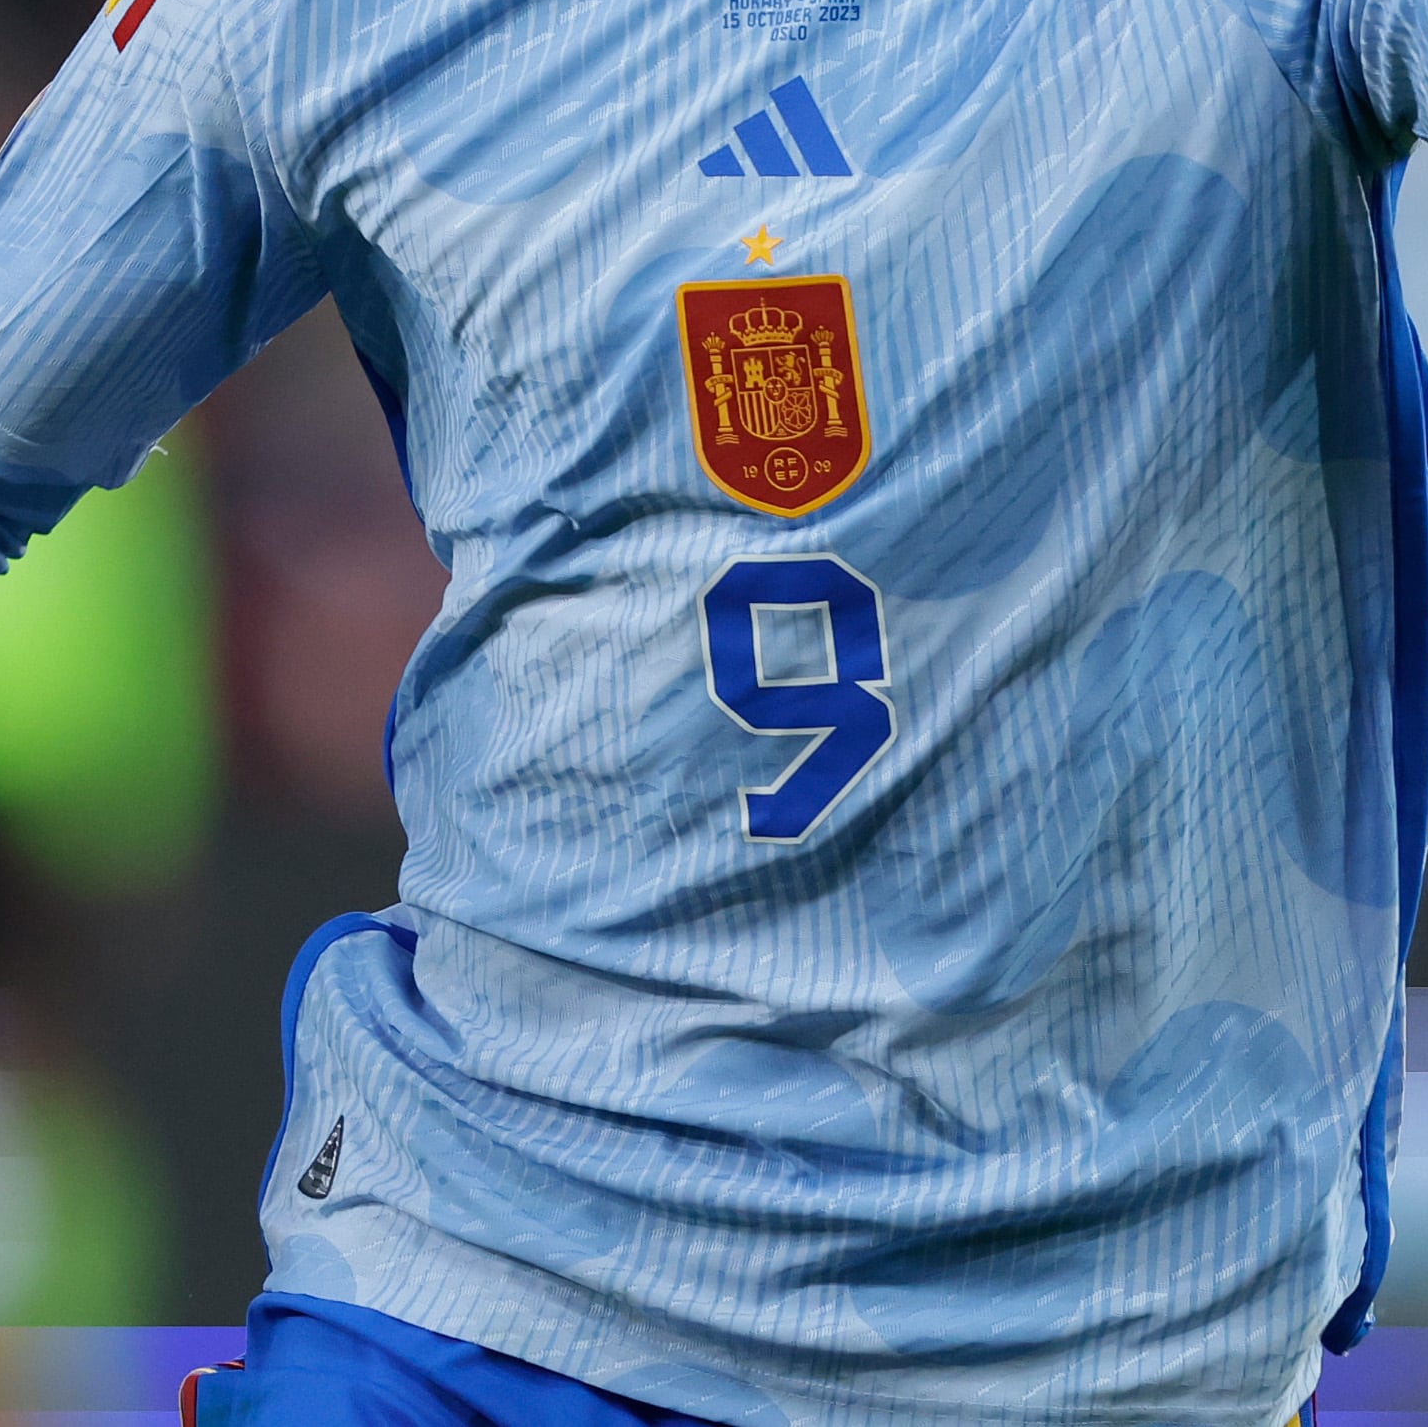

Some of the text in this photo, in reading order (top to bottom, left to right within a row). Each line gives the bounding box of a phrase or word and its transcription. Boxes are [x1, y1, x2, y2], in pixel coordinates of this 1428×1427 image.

[722, 5, 861, 29] 15 OCTOBER 2023
[770, 25, 808, 42] OSLO
[742, 465, 759, 479] 19
[813, 459, 832, 473] 09
[696, 552, 898, 845] 9
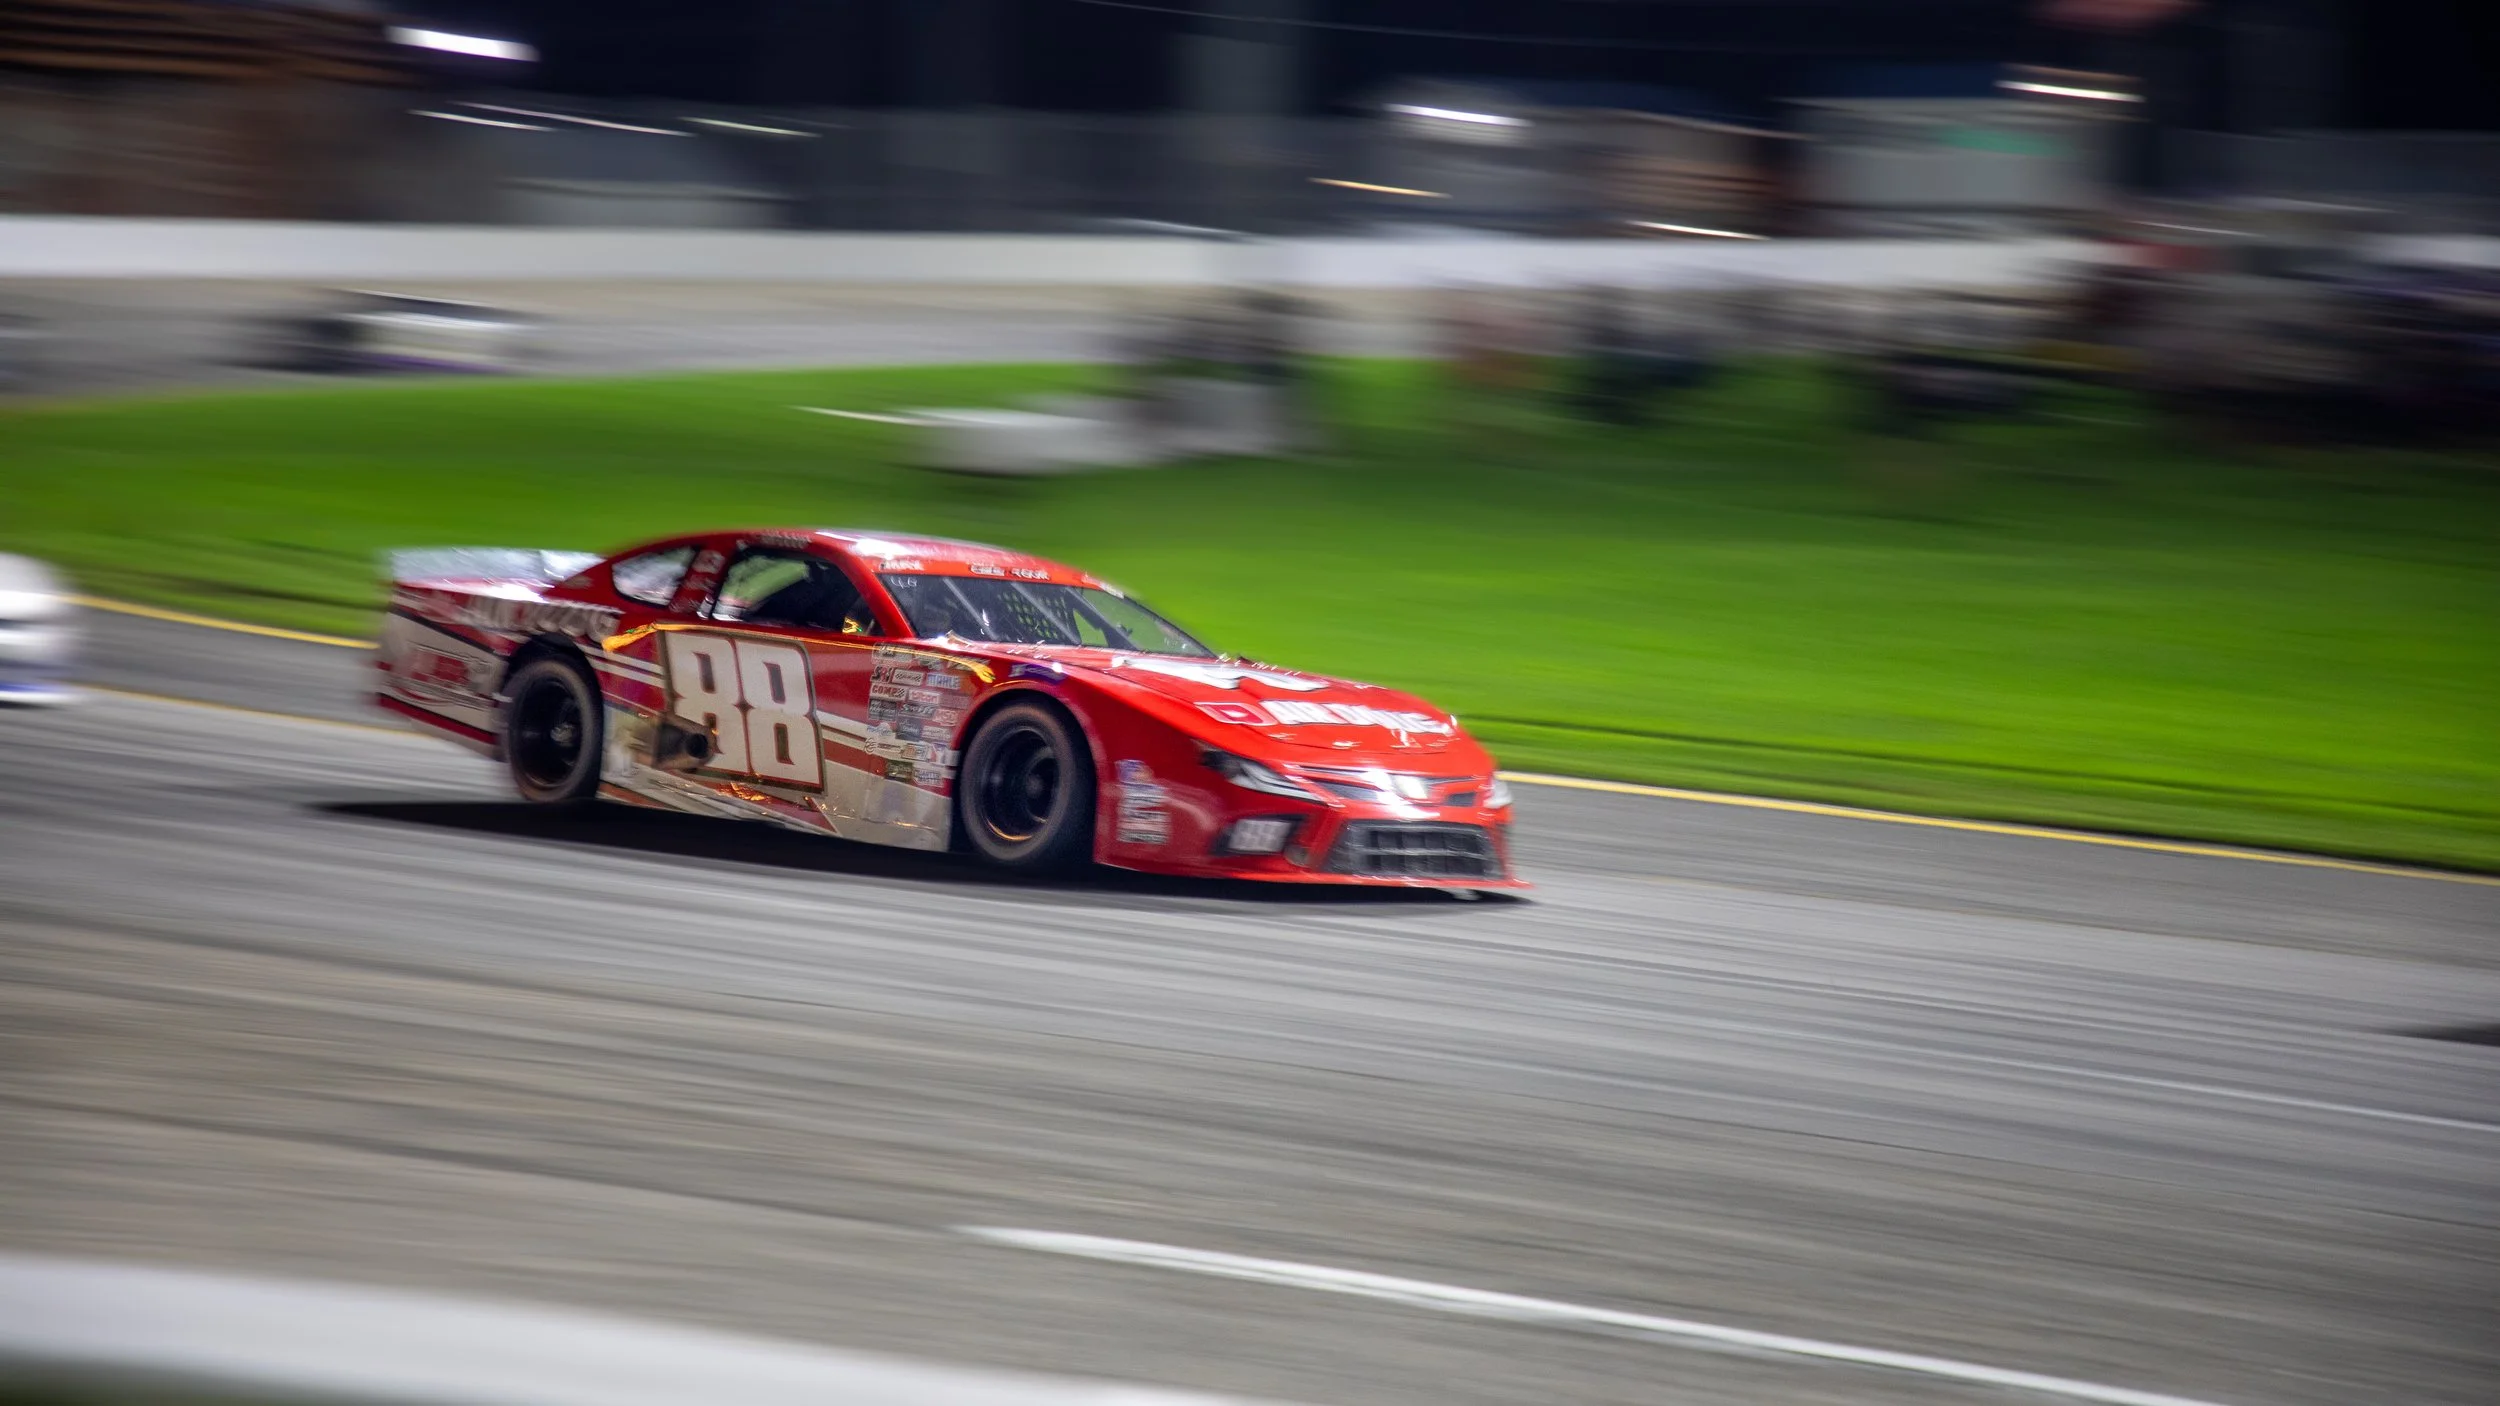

- - - -

Reproduce the material above in full, images excluded.

Solution to this problem ::
Some of the text in this photo, in reading order (top to bottom, left to right within a row). Each line gives the bounding box of a phrase or word and its transcription. Boxes are [x1, y1, x2, y2], in pixel coordinates of this 1428×1427 image.

[722, 5, 861, 29] 15 OCTOBER 2023
[770, 25, 808, 42] OSLO
[742, 465, 759, 479] 19
[813, 459, 832, 473] 09
[696, 552, 898, 845] 9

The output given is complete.